▶ _Data extract_:
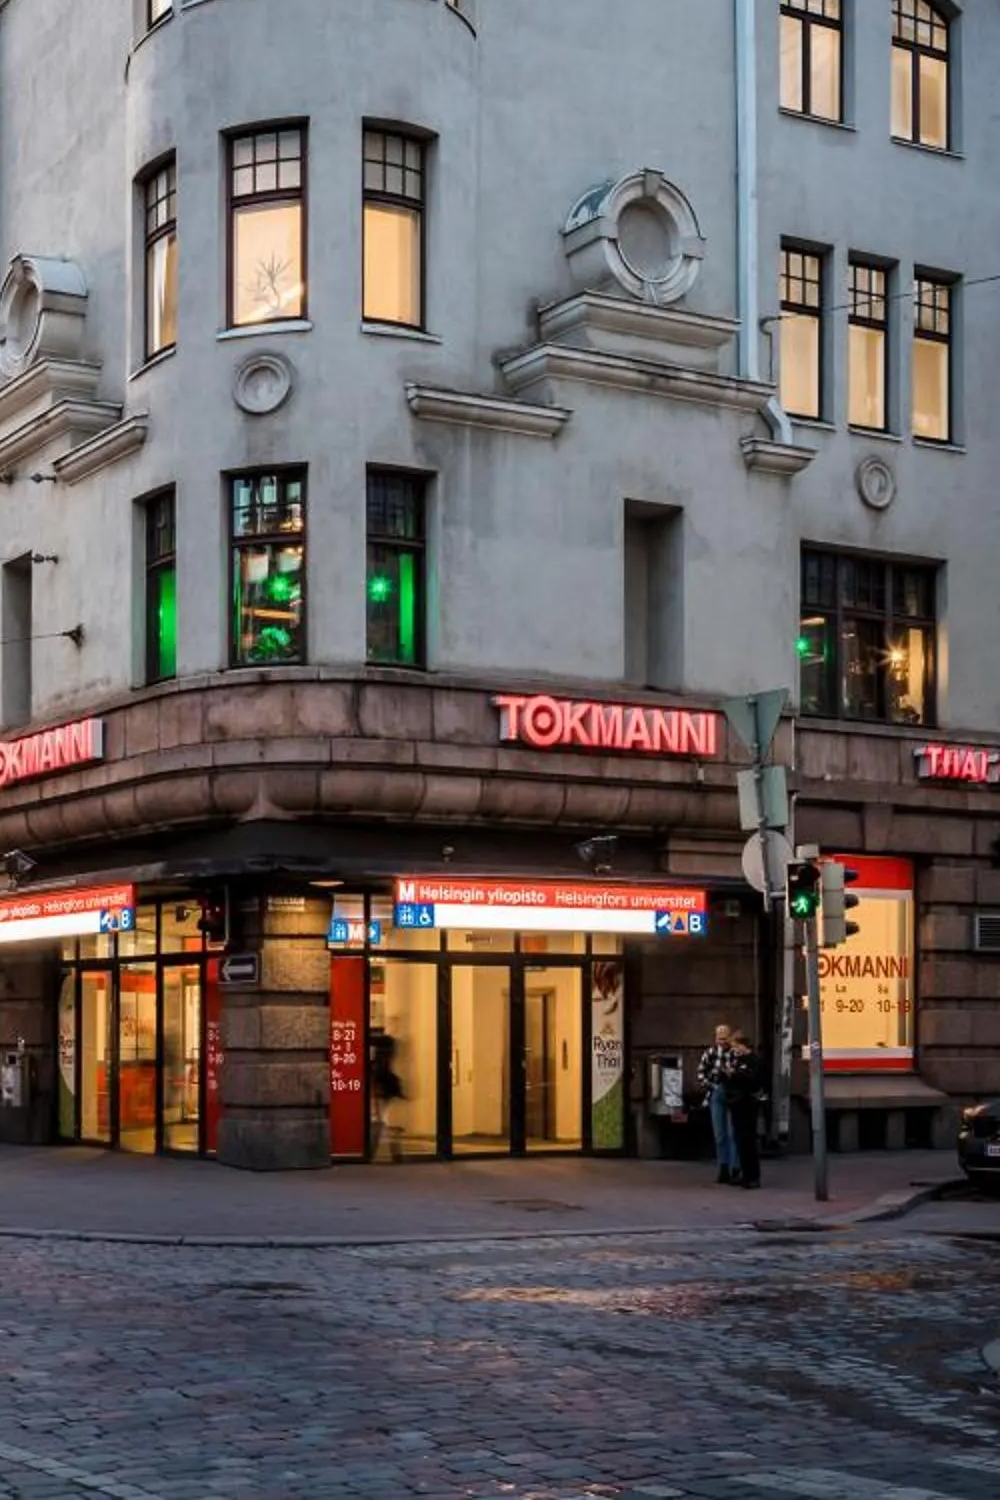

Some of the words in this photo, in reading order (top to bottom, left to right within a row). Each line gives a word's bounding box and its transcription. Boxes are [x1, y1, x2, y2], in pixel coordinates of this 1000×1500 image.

[495, 696, 717, 755] TOKMANNI
[922, 744, 988, 780] THAI
[399, 881, 415, 901] M
[419, 885, 484, 902] Helsingin
[487, 888, 546, 904] yliopisto
[555, 891, 628, 908] Helsingfors
[631, 896, 697, 909] universitet
[689, 914, 701, 932] B
[818, 953, 908, 979] OKMANNI
[835, 1000, 865, 1013] 9-20
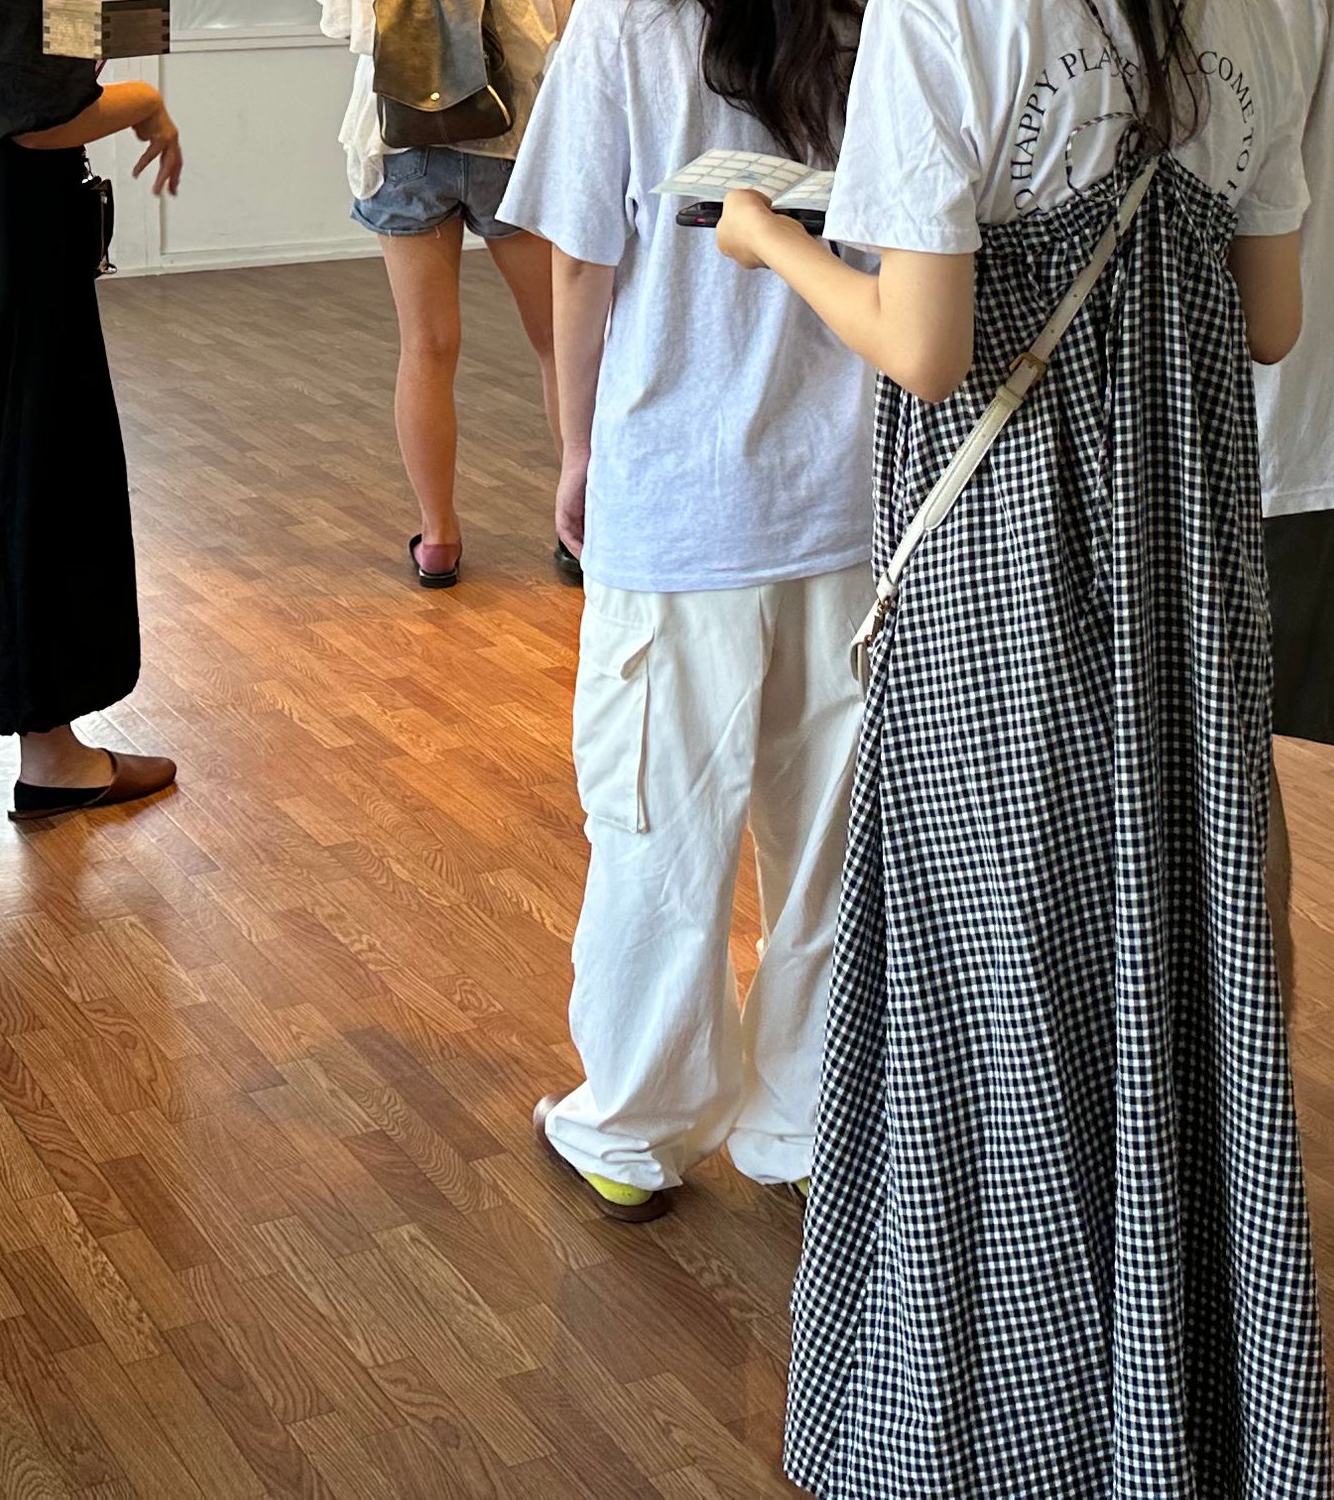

▶ _Instructions to follow_: What is needed is every entry above, repeated exactly, with the pictures dropped.

▶ _Response_:
Some of the words in this photo, in reading order (top to bottom, left to right within a row). Each line gives a word's bounding box and its transcription. Boxes are [x1, y1, x2, y2], in pixel coordinates of this 1000×1500 image.

[495, 696, 717, 755] TOKMANNI
[922, 744, 988, 780] THAI
[399, 881, 415, 901] M
[419, 885, 484, 902] Helsingin
[487, 888, 546, 904] yliopisto
[555, 891, 628, 908] Helsingfors
[631, 896, 697, 909] universitet
[689, 914, 701, 932] B
[818, 953, 908, 979] OKMANNI
[835, 1000, 865, 1013] 9-20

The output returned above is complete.